Oooooooh! It's skanky in there! It's worse than I thought (although it's actually better than Bruce thought.) The kitchen has four, FOUR kinds of nasty, cheesy paneling!!A really frightening plastic type with tiny multicoloured speckles, the de riguer fake wood, a really weird and frightening fake brick, and then a two foot wide stretch of ...hmmm...how to describe it? Well, never mind, but it's nasty. Oh, and the cupboards are flimsy and tired and the drawers don't open.

The downstairs bathroom has the most disgusting toilet I have ever seen ("We can buy a new one for $59 at Home Depot!" chirps Bruce cheerily) and the upstairs bathroom has a rotten floor. However, this bathroom is also huge (it obviously was a bedroom at one time) and we could put in a megahumongous jacuzzi and be the envy of all our friends. Or at least we could have the cat box in there without having it shoved up against the toilet. It could be all the way across the room!!

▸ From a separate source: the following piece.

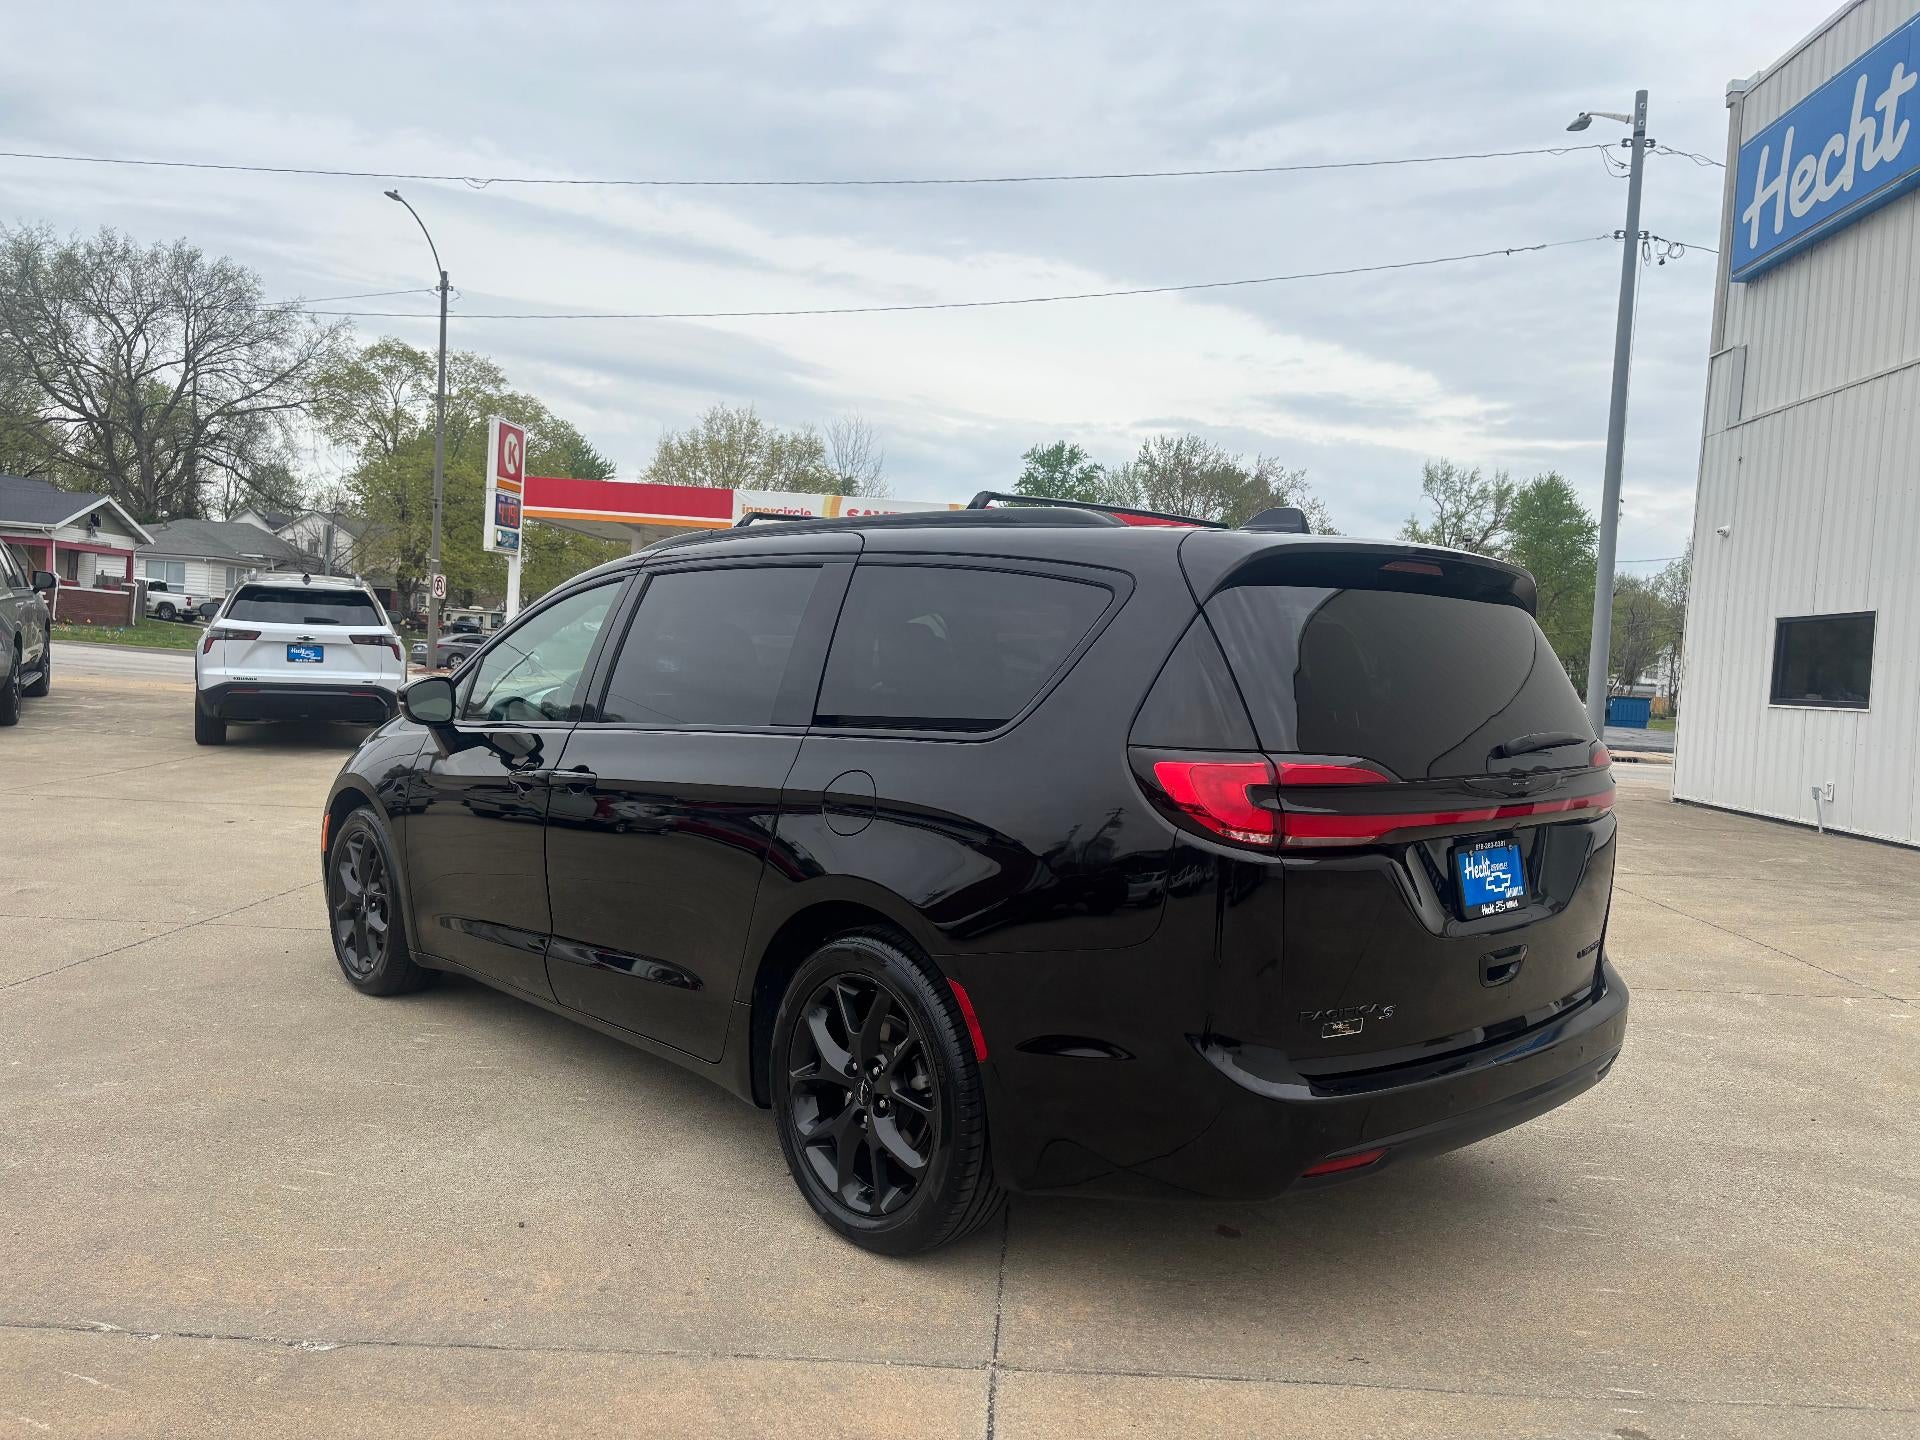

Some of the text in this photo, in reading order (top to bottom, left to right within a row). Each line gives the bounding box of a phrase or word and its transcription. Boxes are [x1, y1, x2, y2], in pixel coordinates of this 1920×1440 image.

Sorry. When you have four cats you think about these things.

The entrance way has been modified to make the house into a duplex in the most hideous way possible, complete with glops of plaster over the original beadboard ceiling and flimsy, buckling paneling over the badly done partitions. The good news is that it wouldn't be ferociously difficult to tear out and we could probably actually do it ourselves.

And the roof. The roof is the worst. It is literally burned out, and they just reinforced the remaining beams and popped a tin roof over the top! The good news is that because it was an electrical fire the owner was forced to redo the electrical system and also had to put a new heating system in. However, I do have an intense fear of electrical fires (after watching the Hadassah Thrift Shop next door to where we lived on Comm. Ave. burn down) and so it does give me pause to see those charred rafters...

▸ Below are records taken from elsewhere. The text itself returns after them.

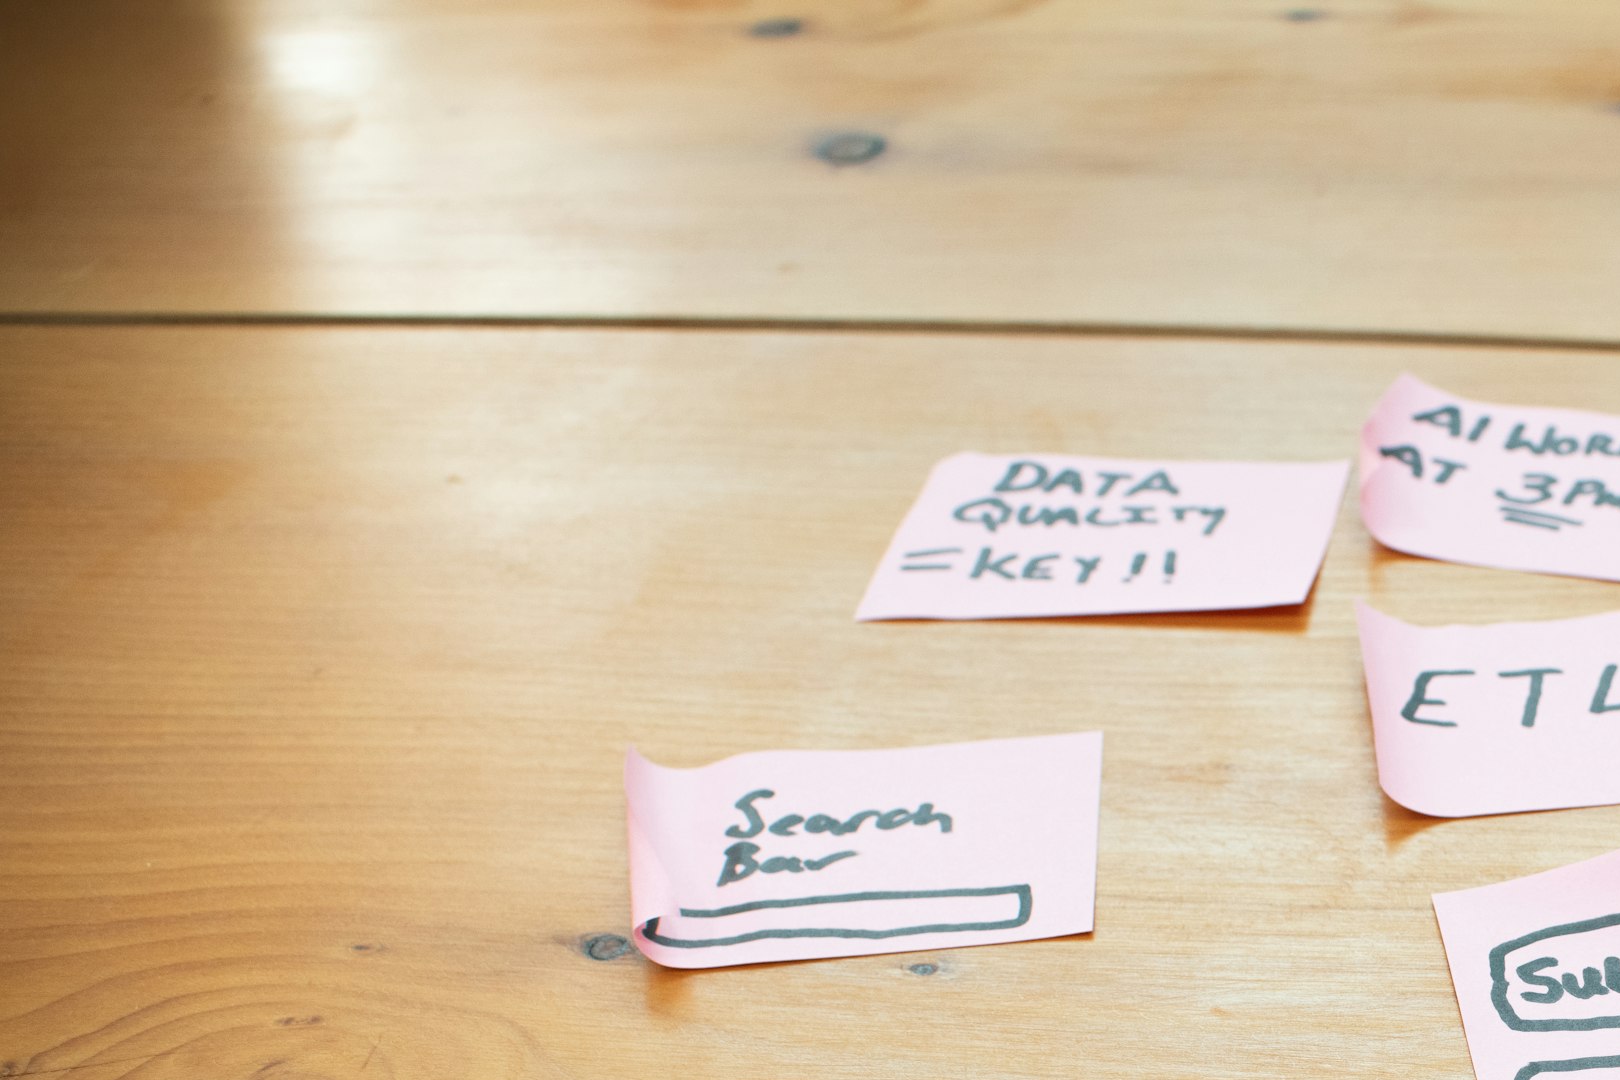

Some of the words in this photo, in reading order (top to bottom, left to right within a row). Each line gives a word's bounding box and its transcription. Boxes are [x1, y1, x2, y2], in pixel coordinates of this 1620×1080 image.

[1412, 404, 1491, 443] AI
[994, 460, 1179, 497] DATA
[1378, 444, 1466, 485] AT
[952, 498, 1226, 536] QUALITY
[724, 788, 953, 840] Search
[716, 841, 859, 888] Bar

Anyway, I'm not talking about the good things! It does have the original beadboard ceilings in a couple of rooms, and the original hardwood floors which are badly in need of some work but we could at least paint them and live with them as is for a few years. A couple of the rooms just need paint and new carpet to be quite nicely liveable as is for awhile. Basically, I think underneath all the cheesy updates the original house is fairly intact! We just have to peel off all the nasty layers.

David thinks it's about $30,000 worth of work. If we could get it for $30,000 we'd pay $60,000 total, of which we'd only have to finance about $40,000.David thinks the house would be worth $90,000 when we finished with it and if the neighborhood becomes a historic district it could be more like $100,000 or more....

This is so very, very tempting! It would be a hell of a lot of work but in the end we could have a groovy house that wouldn't put us into the poorhouse!